I must say that The Hindu does probably more than any other newspaper in India in terms of focusing on these things. The paper’s attention to the life of the mind is distinctly more than most others. Of late, there are others like the Hindustan Times, which are doing more, but we really need to go much further.

In contrast, America gives huge attention to these things. The obituaries in The New York Times on people in the arts and sciences are more substantial than articles on people in politics or policy making.

When eminent Indian statistician Raghu Raj Bahadur [considered to be one of the architects of modern mathematical statistics] died in 1997, the longest obituary was in the NYT, not in any Indian newspaper.

Do you see the gap in coverage as a reflection of the gap in the advancement of the fundamental sciences in India and in the advanced countries?

The gap in subjects like economics may have widened now, but about 15-20 years ago, when we had Amartya Sen, Jagdish N. Bhagwati and Prasanta K. Pattanaik, the gap in cutting edge research was much narrower. People in the sciences also tell me the same thing.

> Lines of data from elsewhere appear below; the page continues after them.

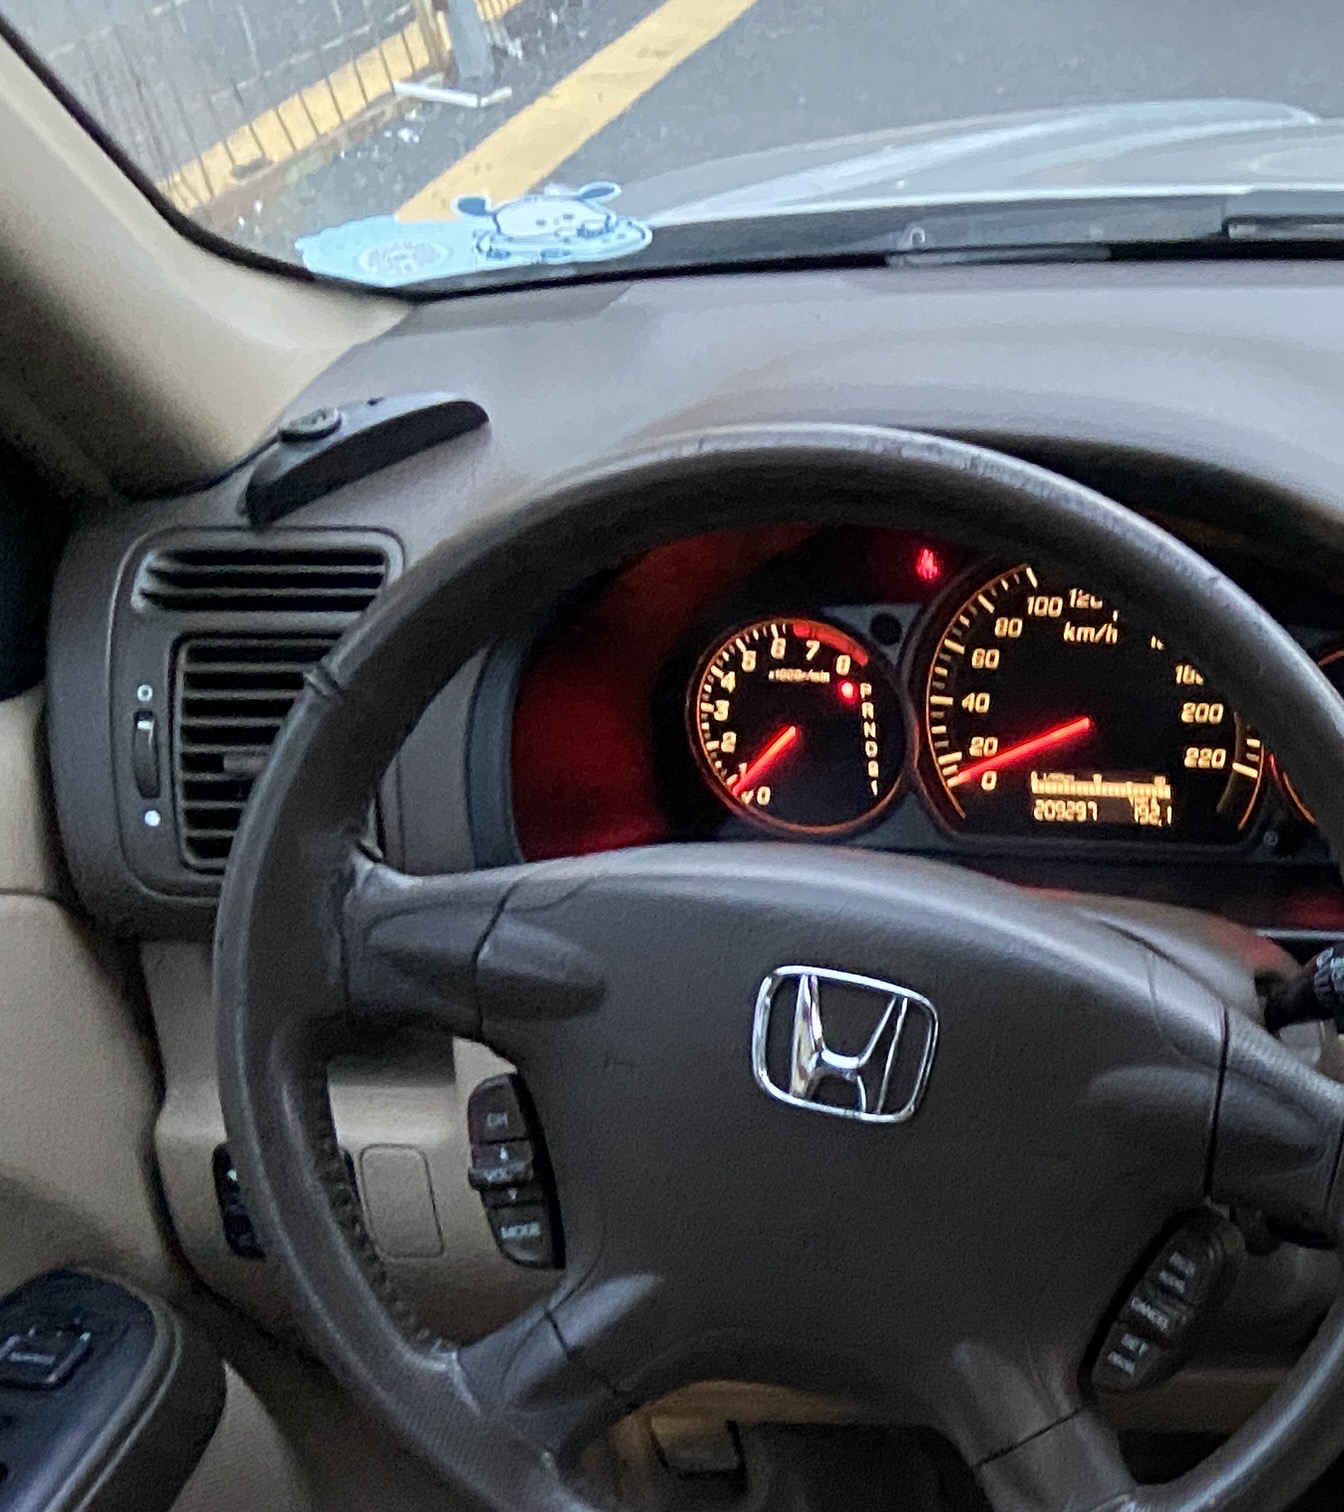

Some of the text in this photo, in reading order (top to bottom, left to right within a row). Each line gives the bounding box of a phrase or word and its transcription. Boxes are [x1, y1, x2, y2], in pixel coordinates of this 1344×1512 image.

[1027, 596, 1063, 617] 100
[994, 617, 1023, 638] 80
[1063, 621, 1118, 644] km/h
[806, 640, 820, 661] 7
[971, 648, 1000, 670] 60
[720, 671, 736, 693] 4
[961, 693, 990, 713] 40
[1181, 702, 1224, 724] 200
[969, 736, 998, 757] 20
[1184, 747, 1227, 769] 220
[981, 770, 997, 791] 0
[756, 786, 771, 806] 0

Do you see the Infosys Prize as one way of doing this?

I am glad that Infosys is giving a reasonable amount of money. But, as in things like this, if the prize is properly projected, the money will become relatively minor. The Nobel Prize is big money, but people will be willing to give money to get the prize.

How do you plan to set about getting more attention for the awards?

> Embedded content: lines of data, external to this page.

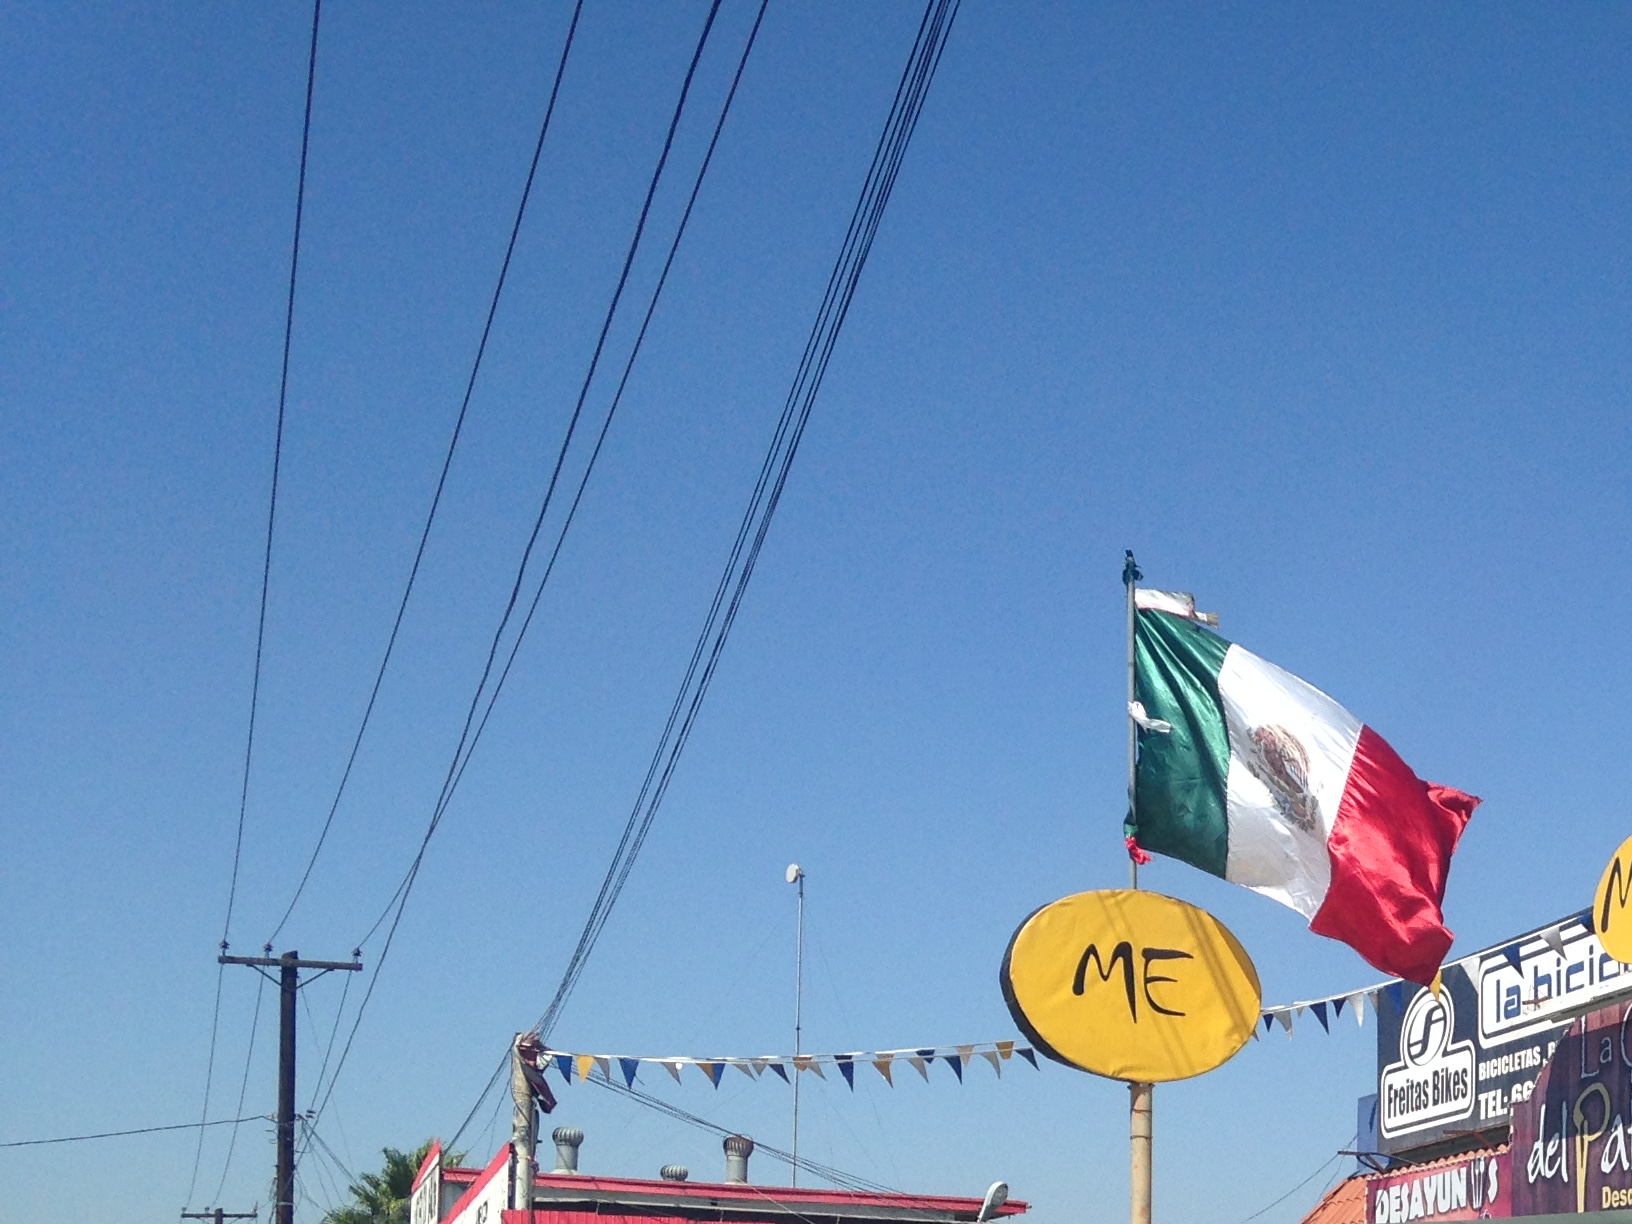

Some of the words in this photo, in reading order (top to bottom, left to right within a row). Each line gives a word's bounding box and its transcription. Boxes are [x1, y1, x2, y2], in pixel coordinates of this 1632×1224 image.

[1072, 941, 1194, 1024] ME
[1495, 970, 1521, 1023] la
[1478, 1047, 1542, 1082] BICICLETAS
[1581, 1015, 1612, 1079] La
[1387, 1076, 1430, 1120] Freitas
[1432, 1067, 1468, 1107] Bikes
[1479, 1088, 1508, 1121] TEL:
[1527, 1101, 1568, 1184] del

Once the awards are announced, the media must follow-up to find out what the winners have achieved. One of the great things after the Nobel announcements every year is the fun in reading in lay language the contributions of the winners.

I believe that the pursuit of knowledge and aesthetic beauty — in poetry, literature, mathematics and in many other fields — is an end in itself. Just harping on the utilitarian aspects of these branches is no good. People must be motivated by the pure pursuit of aesthetics, like a music composer or artist is, or like Pythagoras did when he discovered the triangle theorem. The sheer beauty of triangles caught his imagination. It is indeed arguable that Pythagoras’ Theorem has contributed more than the biggest of the business houses. It gave us the instrument, which made it possible for rockets to fly. But Pythagoras himself was never distracted by these possibilities.

What should the media do?

Just as there is the concept of Corporate Social responsibility for business, there ought to be the concept of Media Scientific Responsibility. The media should make a deliberate contribution to science, even if it is unprofitable.

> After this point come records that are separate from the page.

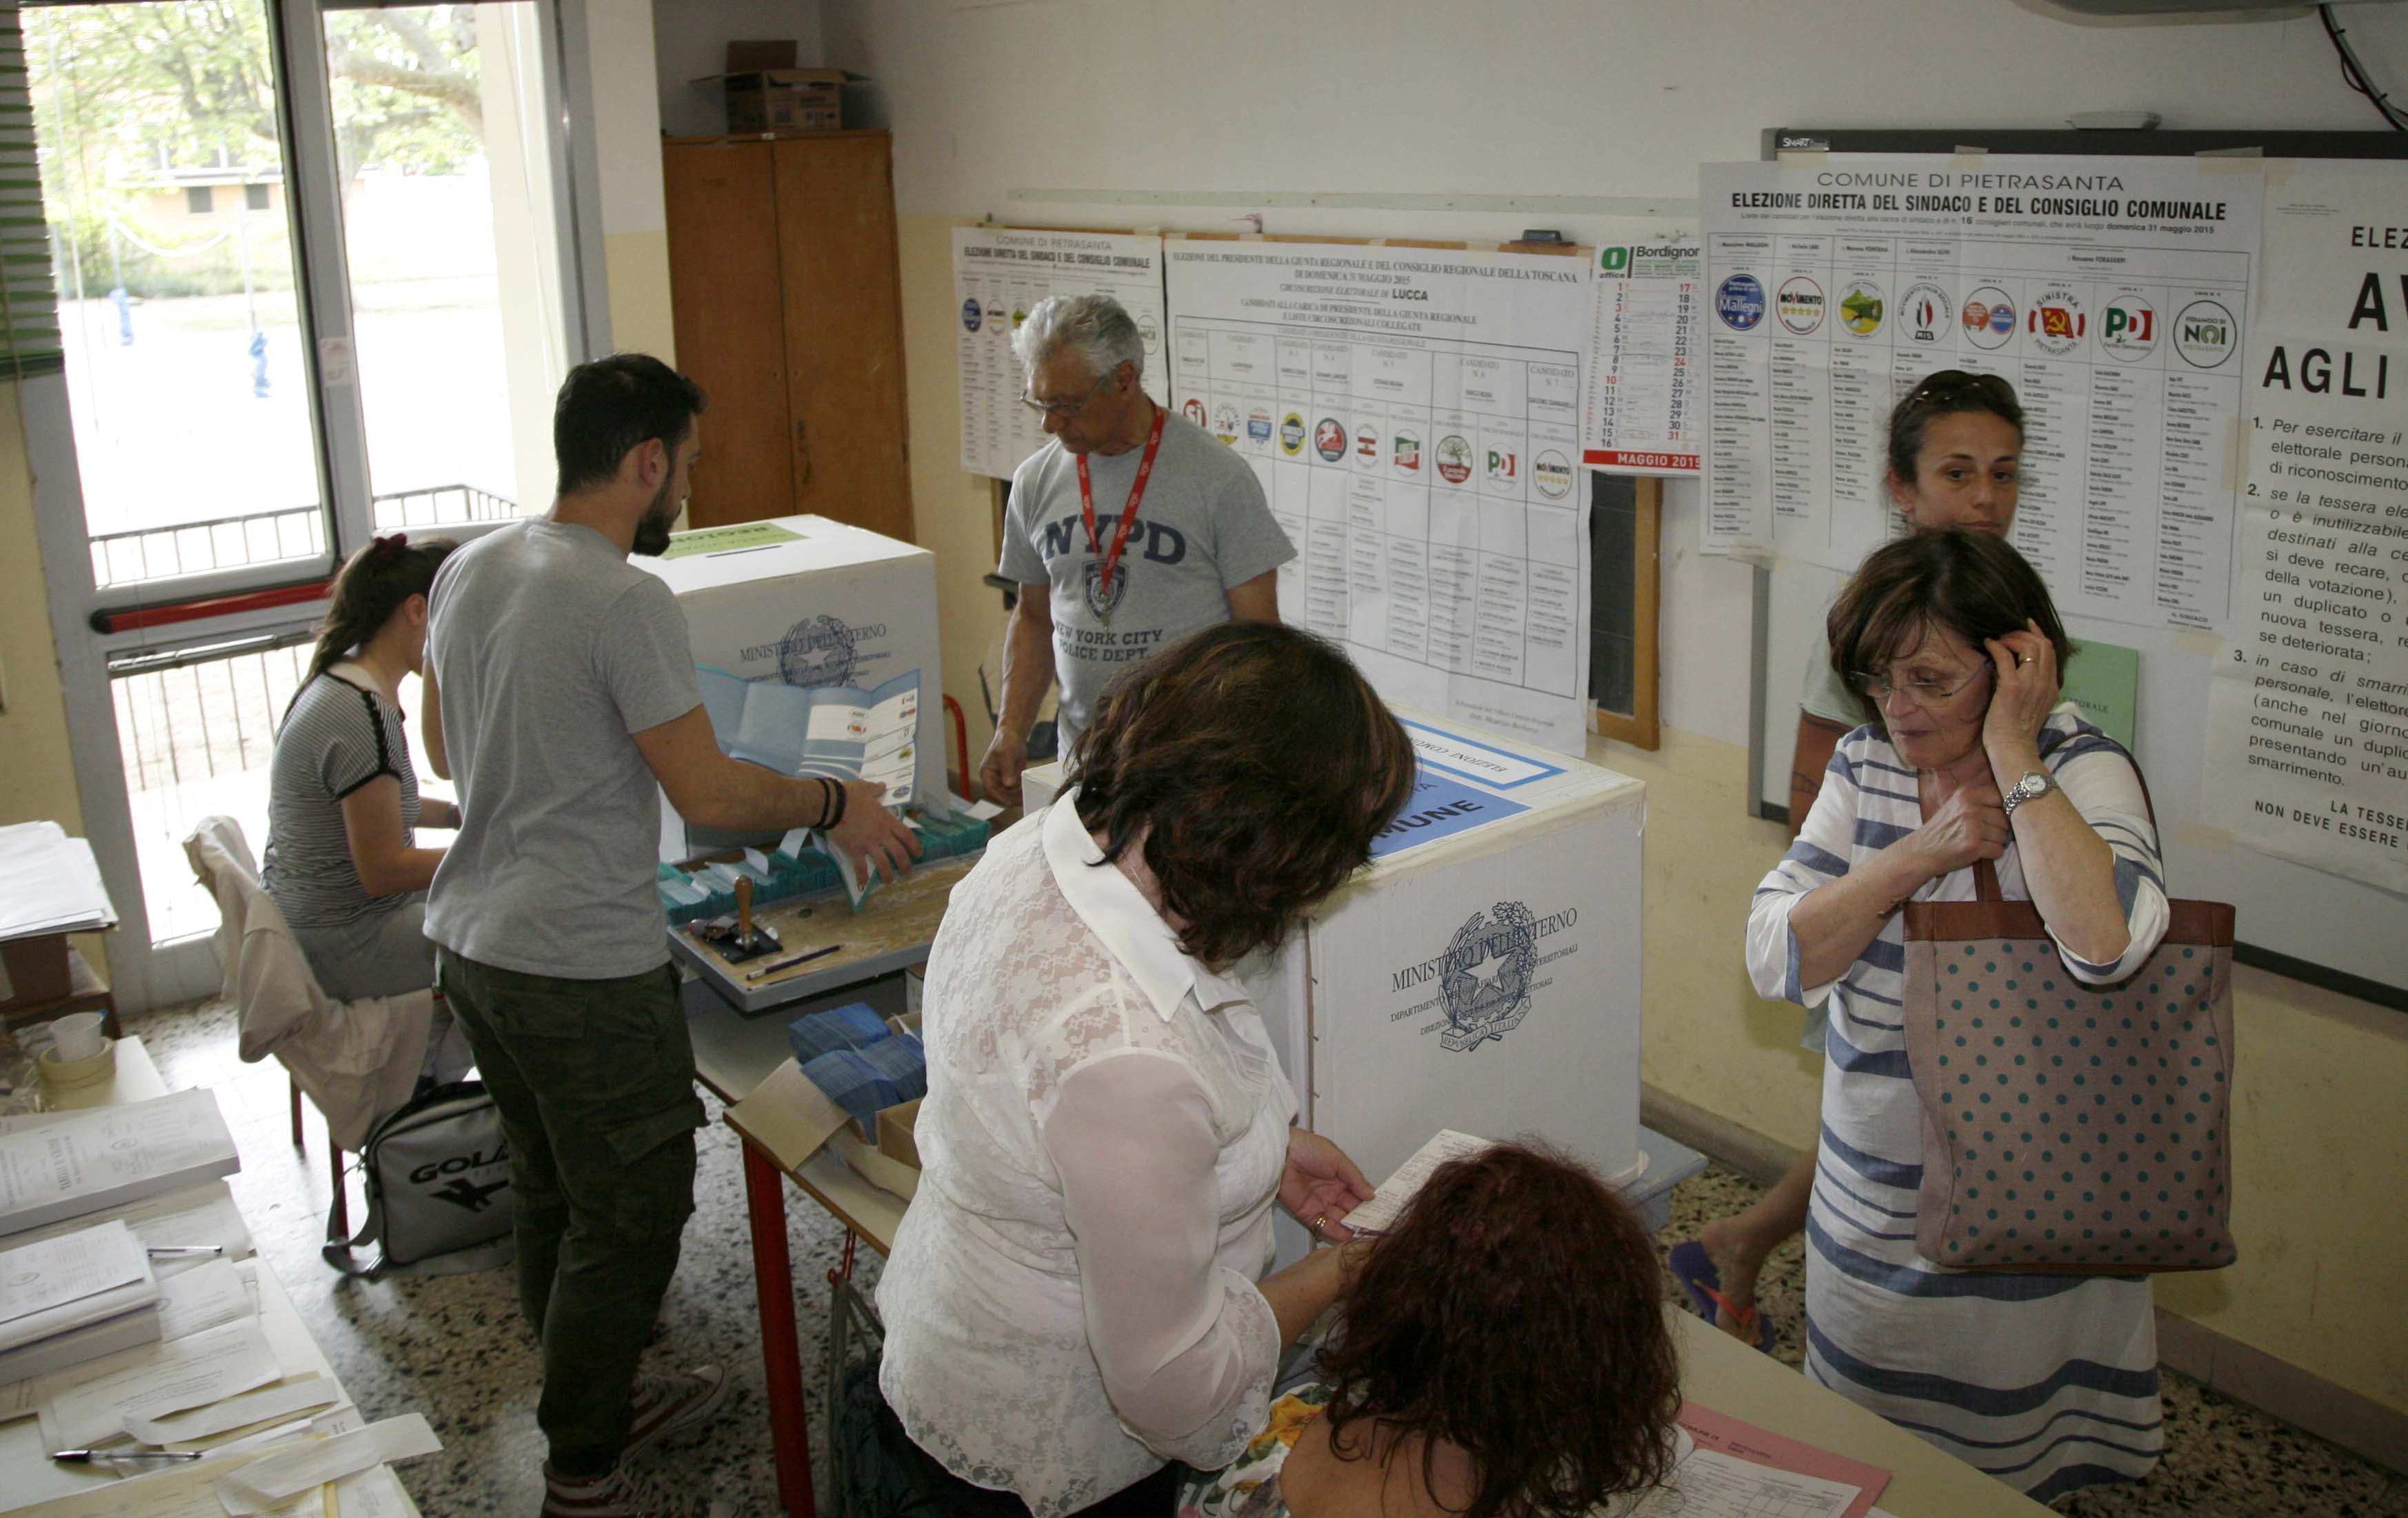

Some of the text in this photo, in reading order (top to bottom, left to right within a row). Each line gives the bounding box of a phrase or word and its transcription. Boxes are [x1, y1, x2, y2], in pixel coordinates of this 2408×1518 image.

[1783, 138, 1809, 148] SMART
[1817, 172, 2125, 192] COMUNE DI PIETRASANTA
[1732, 192, 2226, 221] ELEZIONE DIRETTA DEL SINDACO E DEL CONSIGLIO COMUNALE
[1961, 216, 1973, 225] 16
[2106, 223, 2146, 232] domenica
[2160, 225, 2191, 234] maggio
[2194, 225, 2214, 234] 2015
[1173, 252, 1577, 283] ELEZIONE DEL PRESIDENTE DELLA GIUNTA REGIONALE E DEL CONSIGLIO REGIONALE DELLA TOSCANA
[1305, 270, 1347, 279] DOMENICA
[1394, 275, 1412, 284] 2015
[1392, 288, 1428, 301] LUCCA
[1680, 283, 1690, 292] 17
[1616, 293, 1623, 302] 2
[1679, 294, 1689, 303] 18
[1780, 291, 1822, 305] MOVIMENTO
[2036, 291, 2079, 309] SINISTRA
[2347, 272, 2408, 332] A
[1616, 303, 1622, 312] 3
[1678, 305, 1689, 314] 19
[1719, 297, 1763, 314] Mallegni
[1614, 314, 1621, 322] 4
[1676, 315, 1688, 324] 20
[1614, 324, 1621, 333] 5
[1676, 326, 1687, 335] 21
[2184, 325, 2227, 345] NOI
[1614, 334, 1620, 343] 6
[1675, 336, 1687, 345] 22
[1614, 345, 1619, 354] 7
[1675, 347, 1687, 356] 23
[1612, 356, 1618, 364] 8
[1674, 358, 1686, 367] 24
[1612, 365, 1617, 374] 9
[1674, 367, 1685, 377] 25
[2262, 345, 2388, 399] AGLI
[1606, 376, 1616, 385] 10
[1672, 378, 1684, 387] 26
[1605, 386, 1616, 395] 11
[1672, 389, 1683, 398] 27
[1605, 396, 1616, 405] 12
[1671, 400, 1683, 409] 28
[1605, 407, 1614, 416] 13
[1670, 410, 1682, 419] 29
[1603, 418, 1614, 427] 14
[1669, 421, 1680, 430] 30
[1603, 428, 1612, 437] 15
[1668, 431, 1679, 441] 31
[2253, 416, 2402, 445] 1. Per esercitare il
[1602, 438, 1612, 447] 16
[1617, 454, 1667, 466] MAGGIO
[2271, 443, 2408, 467] elettorale person
[2269, 461, 2408, 491] di riconoscimento
[2247, 484, 2260, 496] 2.
[2270, 489, 2288, 500] se
[2296, 491, 2310, 505] la
[2318, 496, 2377, 514] tessera
[2270, 510, 2408, 539] o è inutilizzabile
[1044, 514, 1186, 565] NYPD
[2268, 529, 2336, 550] destinati
[2348, 542, 2378, 557] alla
[2266, 551, 2389, 582] si deve recare,
[2265, 569, 2397, 605] della votazione),
[2263, 591, 2391, 623] un duplicato o
[2261, 611, 2307, 629] nuova
[1055, 620, 1163, 645] NEW YORK CITY
[1059, 639, 1149, 662] POLICE DEPT
[2260, 631, 2371, 663] se deteriorata;
[2234, 649, 2247, 662] 3.
[2256, 654, 2269, 667] in
[2280, 662, 2318, 678] caso
[2329, 670, 2345, 682] di
[2255, 676, 2334, 702] personale,
[2254, 694, 2308, 716] (anche
[2322, 710, 2346, 724] nel
[2251, 716, 2323, 740] comunale
[2334, 734, 2354, 746] un
[2249, 734, 2347, 766] presentando
[1449, 751, 1507, 773] ELEZIONI
[2248, 754, 2345, 786] smarrimento.
[1379, 799, 1485, 840] MUNE
[2331, 801, 2408, 831] LA TESSE
[2255, 800, 2398, 848] NON DEVE ESSERE

But can even a Prize of this stature help in the absence of government funding for research?

No. We need multiple actions. Government funding is very critical, but we also need to create space for the scientists. University nurture is extremely important. But take the case of the Delhi School of Economics. Even in its heyday, its success was not because of government nurture. Greater autonomy played a huge part in its success. Amartya Sen was made full professor of economics at the age of 30. Prasanta K. Pattanaik became professor at 29. Part of the tribute would have to go to people like Dr. V.K.R.V. Rao and K.N. Raj, who were, what I would call, academic entrepreneurs. They may not have been the greatest researchers but they built the Delhi School of Economics.